Nearly one in ten of all emails infected by ransomware targeted the UK over 2015, Bitdefender reveals
Ransomware attacks on the UK have grown by such an extent that the country is now hit by nearly one of every ten infections worldwide, new research has found.
A study by security firm Bitdefender found that 9.1 percent of all ransomware-infected emails it detected in 2015 targeted internet users in the UK, with 54 percent of all malware files targeting UK internet users also containing ransomware.
And the company only expects the situation to worsen through 2016 as more and more criminals look to follow in the success of 2015’s attacks.
Bitdefender found that the UK was second only to the US when it came to being targeted by ransomware attacks, with the latter being subjected to 21.2 percent of all malicious email infections.
And the US also took top spot when it came to the proportion of ransomware detected, as 61.8 percent of all malware files targeting US internet users contained some form of ransomware.

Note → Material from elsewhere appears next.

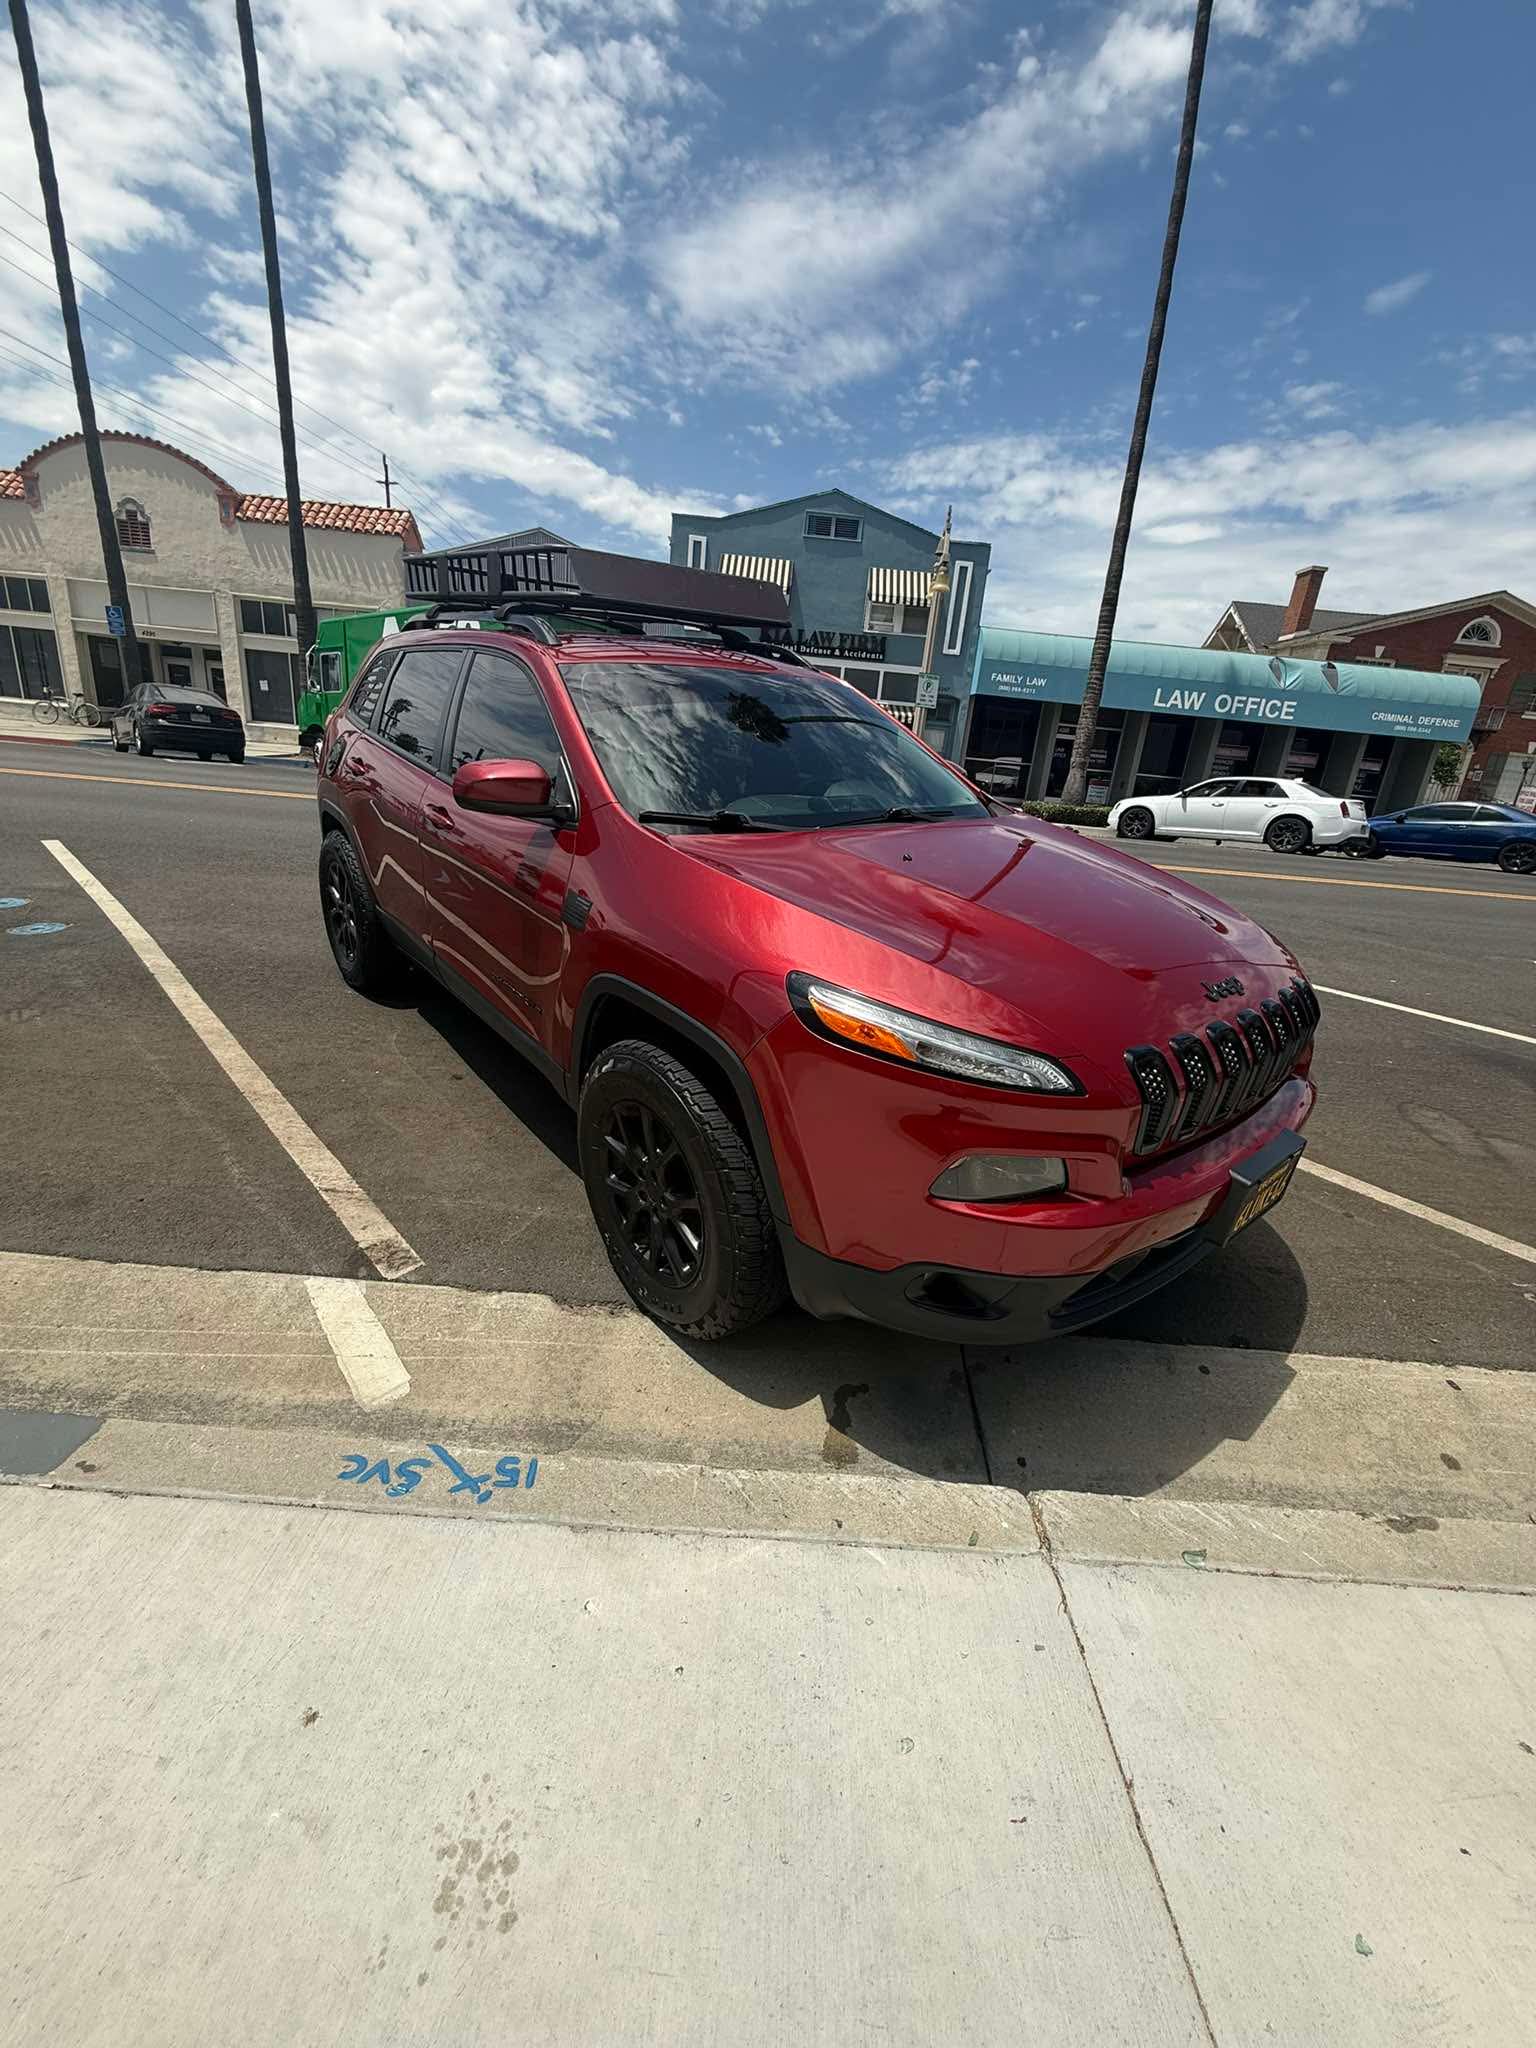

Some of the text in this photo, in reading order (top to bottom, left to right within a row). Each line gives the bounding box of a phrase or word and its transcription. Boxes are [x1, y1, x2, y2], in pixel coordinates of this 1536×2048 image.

The US is closely followed by France (55.8 percent); the UK (54.5 percent); Romania (50.2 percent); Australia (47.9 percent); Denmark (42.3 percent) and Germany (30.2 percent).
“These numbers show that ransomware masterminds have made countries such as the UK and US priority targets to attack, most likely because they consider both to be highly profitable markets,” states Catalin Cosoi, chief security strategist at Bitdefender.
“In 2015, the creators of the notorious CryptoWall ransomware have managed to extort more than $325 million from US victims. We also have to consider the use of sophisticated encryption algorithms that often leave victims no choice but to pay the ransom. In some cases, the FBI itself has encouraged companies to settle the ransom.”
Bitdefender anticipates this growth in ransomware continuing in 2016, with Linux ransomware particularly expected to worsen as the malware becomes more refined and begins to target known vulnerabilities.
The company also predicts the increasing use of botnets in ransomware scams to increase in 2016. Criminals would be able to use brute force attacks to gain login credentials for content management systems, which could be then used by Linux ransomware operators to automate encryption of a significant part of the internet.
A study by ESET earlier in the year found that ransomware is an increasingly dangerous proposition for many UK businesses, with over a third of UK companies having either personally been held to ransom by hackers, or know someone that has had their networks infected by ransomware.
Security firm McAfee Labs also warned earlier this month that ransomware attacks grew 127 percent from Q2 2014 to Q2 2015, with McAfee attributing this to a number of fast-growing new families such as CTB-Locker and CryptoWall, both of which hit the headlines earlier this year.